Dec. 7: Compliance primer: RESPA, UDAAP, change in circumstance, state lending law changes

The year continues to fly by, and here we are at “Pearl Harbor Day” already. Residential lending touches many lives as millions of families around the United States have either been helped by lenders, or work for lenders. Births occur, as do deaths, within our mortgage banking community. This week I received this note from Evan Stone. “An esteemed and distinguished mortgage colleague passed away yesterday. Andrew ‘Drew’ Gissinger lost his brave fight with cancer at the age of 60. Drew’s career achievements included multiple executive level positions at Countrywide, including COO, as well as joining Pacific Union Financial as its Vice Chairman and aiding in its acquisition by Mr. Cooper. Those that either knew Drew or were familiar with him know that he was a spirited competitor. Before embarking on a long and storied mortgage career, Drew played several seasons as an offensive lineman in the NFL. It was with a ‘team first’ mentality that Drew led so successfully. While he will be sorely missed, the many lessons he taught will continue to live on.” Thank you, Evan.

State Regulatory Developments

Let’s see what’s been going on in recent weeks with a random sample across the nation.

For the first time in well over a decade, the Commonwealth of Massachusetts has announced an increase in recording fees. The increase will go into effect on December 31, 2019. Click this link to view a full list of the existing and updated fees.

The Texas Finance Commission and the Department of Savings and Mortgage Lending adopted new regulations which provide certain benefits to military members, veterans, and military spouses with respect to residential mortgage loan originator licenses. Subchapter A: Application Procedures, Rule §2.108 and Subchapter B: Licensing , Rule §81.110 provide information on expedited license procedure, late renewal, authorization for military spouse and available credit toward licensing requirements.

Yes, Texas Adopts New Mortgage Originator Licensing Regulations for Military Members, Veterans, and Military Spouses

On November 7, 2019, the Texas Finance Commission and the Department of Savings and Mortgage Lending adopted new regulations which provide certain benefits to military members, veterans, and military spouses with respect to residential mortgage loan originator licenses.

Georgia recently updated its requirements with regard to pre-hire employment background checks to add a requirement to check the NMLS Consumer Access, in addition to the GA Department of Banking and Finance’s (Department) website for public records related to the prospective hire. All employee files (not just employees working in GA or on GA loan files) must contain proof that both of these searches were run prior to hire in the form of a screen shot or print out. Any licensee that fails to examine the Department’s website and NMLS Consumer Access prior to employment to confirm employment eligibility may be subject to a fine of $1,000 for each violation. For the Department search, a mortgage company should visit and click on “Mortgage Administrative Actions” to run the search.

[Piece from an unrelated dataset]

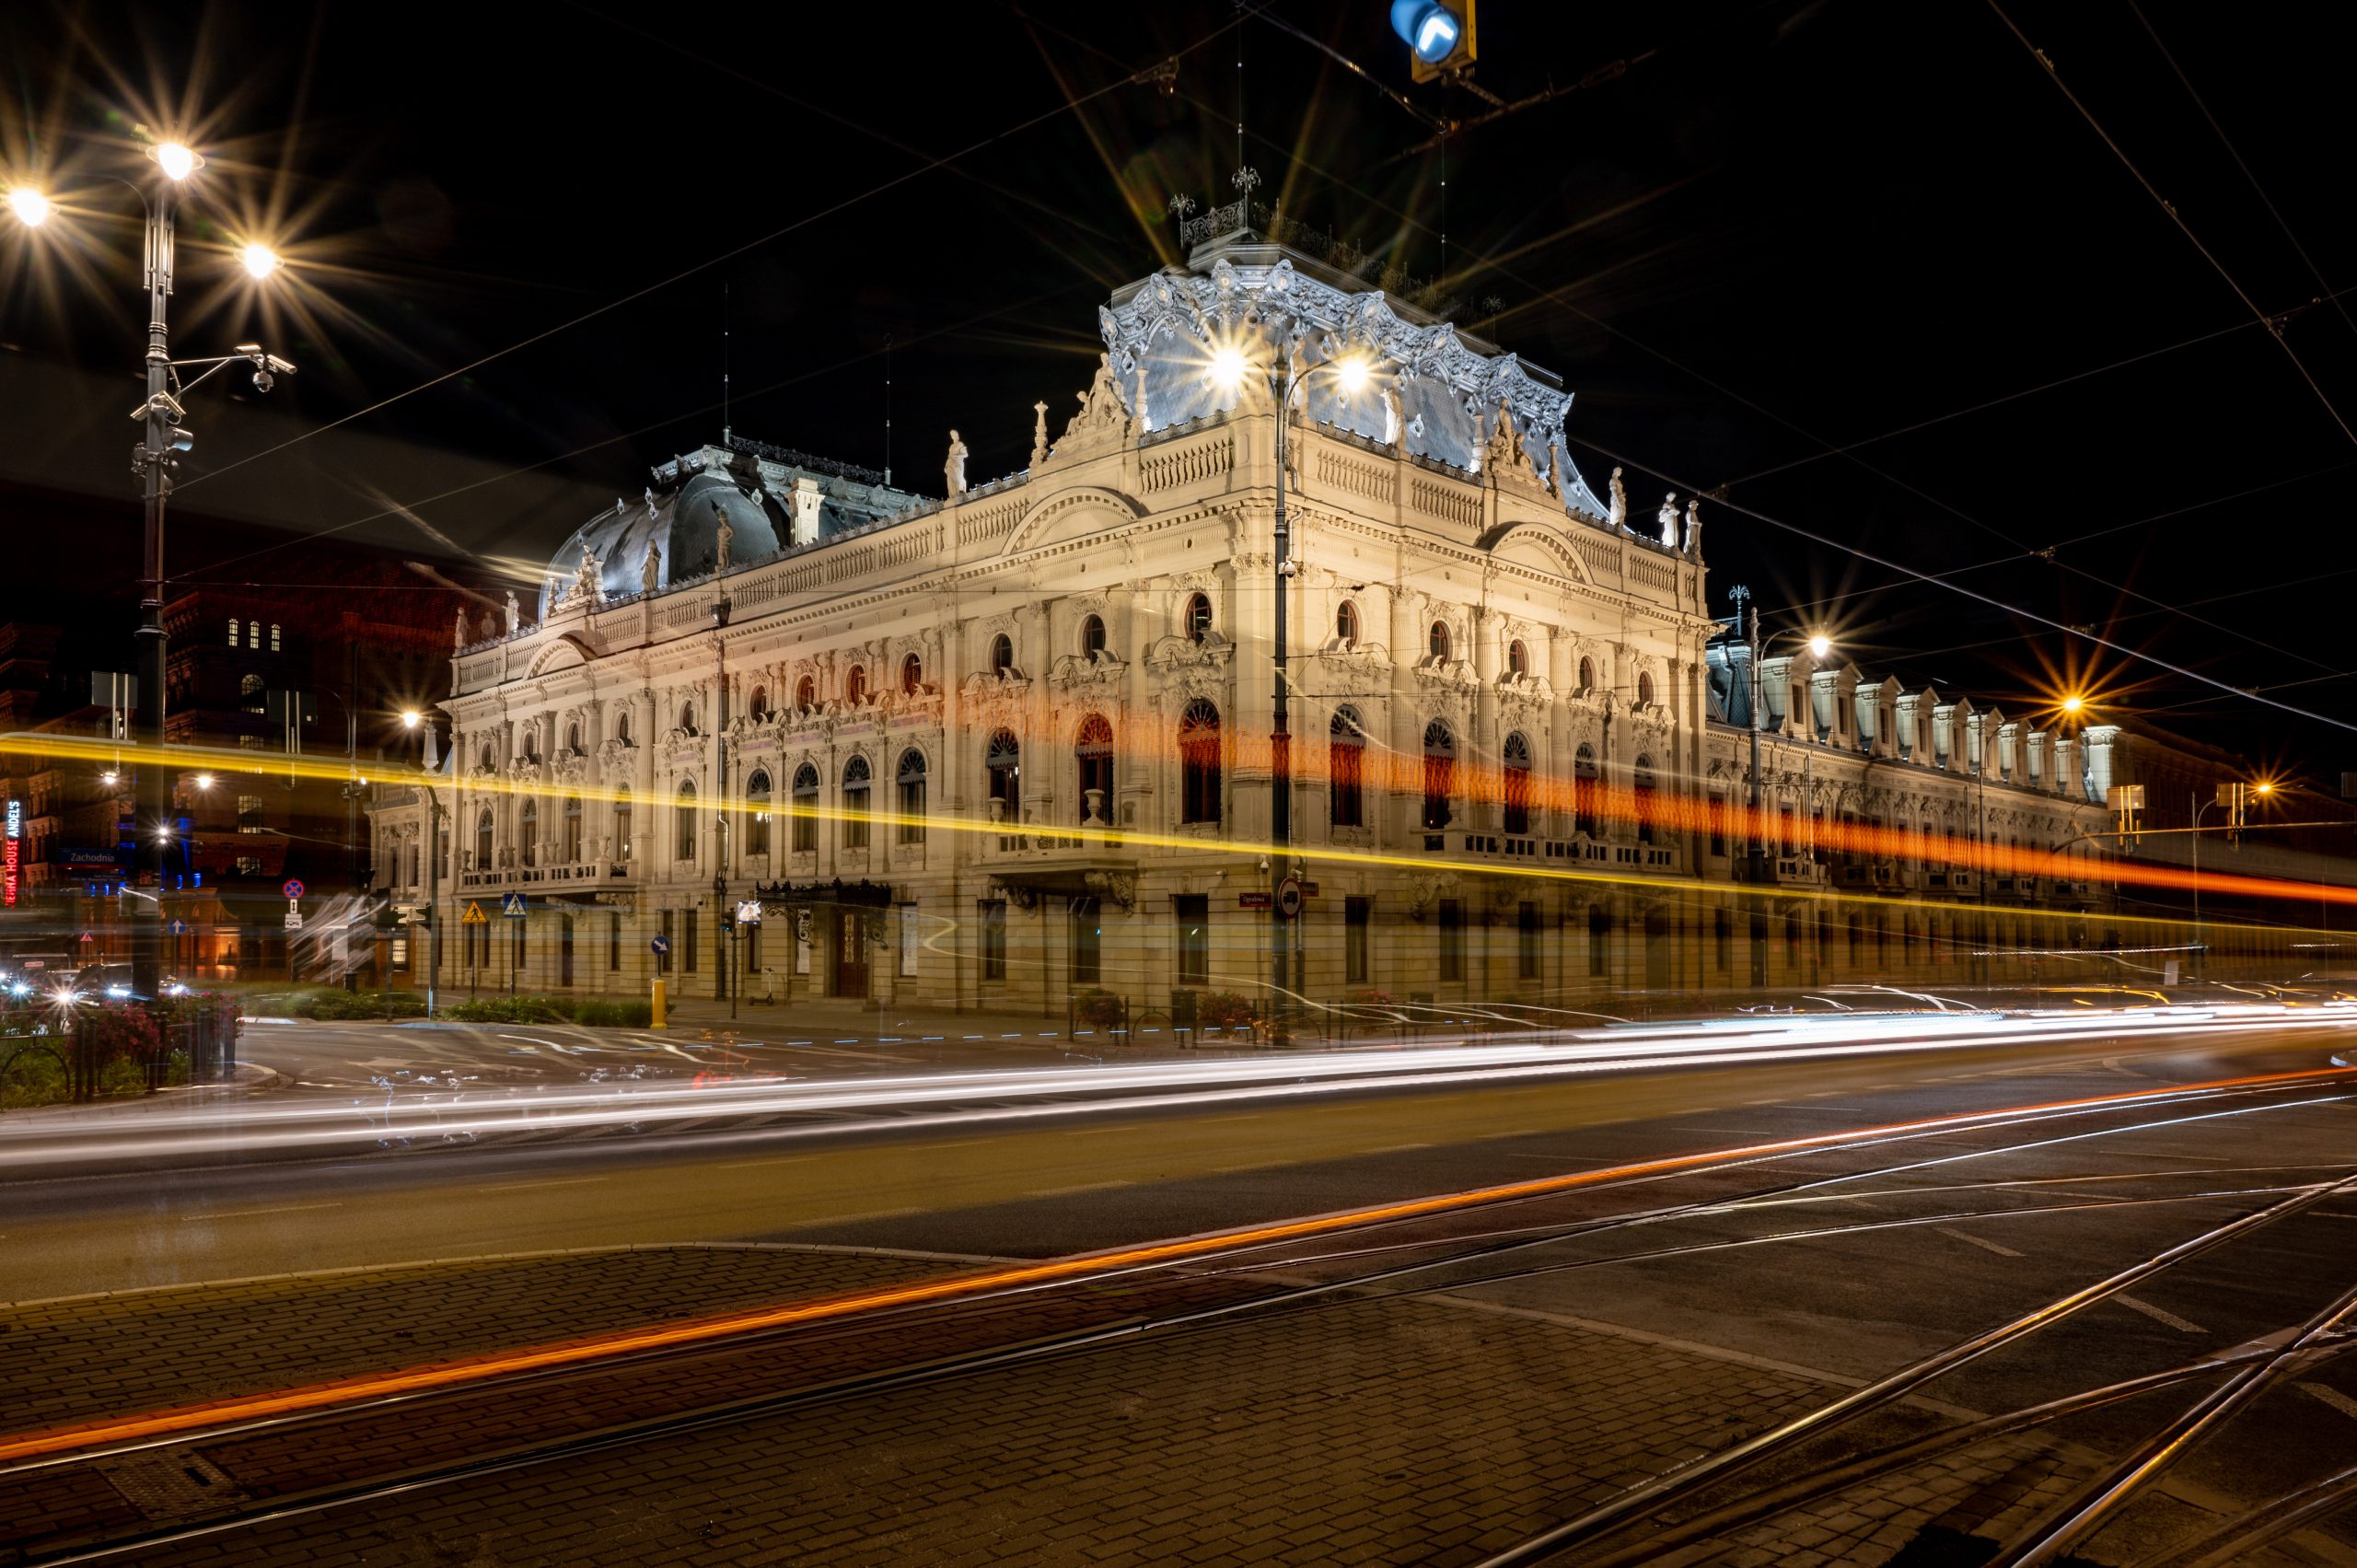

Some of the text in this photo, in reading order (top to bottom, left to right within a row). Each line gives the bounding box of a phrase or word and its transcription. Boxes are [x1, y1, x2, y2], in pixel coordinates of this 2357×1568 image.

[7, 800, 19, 837] ANDEL'S
[6, 840, 17, 872] HOUSE
[70, 853, 115, 863] Zachodnia

There is an additional Georgia-specific search that must be run on “covered employees.” Covered employees include those employees who physically work in the state of Georgia and who may enter, delete, or verify any information on any mortgage loan application form or document. For these individuals, Georgia requires background checks be run through the Georgia Crime Information Center (GCIC).

It is also important to note that Georgia maintains a strict prohibition against employing any individual with a felony. GA imposes this prohibition without time restrictions and extends it to all employees, whether or not the employee is located in GA or works on GA loans. Failure to abide by this restriction may result in suspension or revocation of a mortgage company’s GA lender license.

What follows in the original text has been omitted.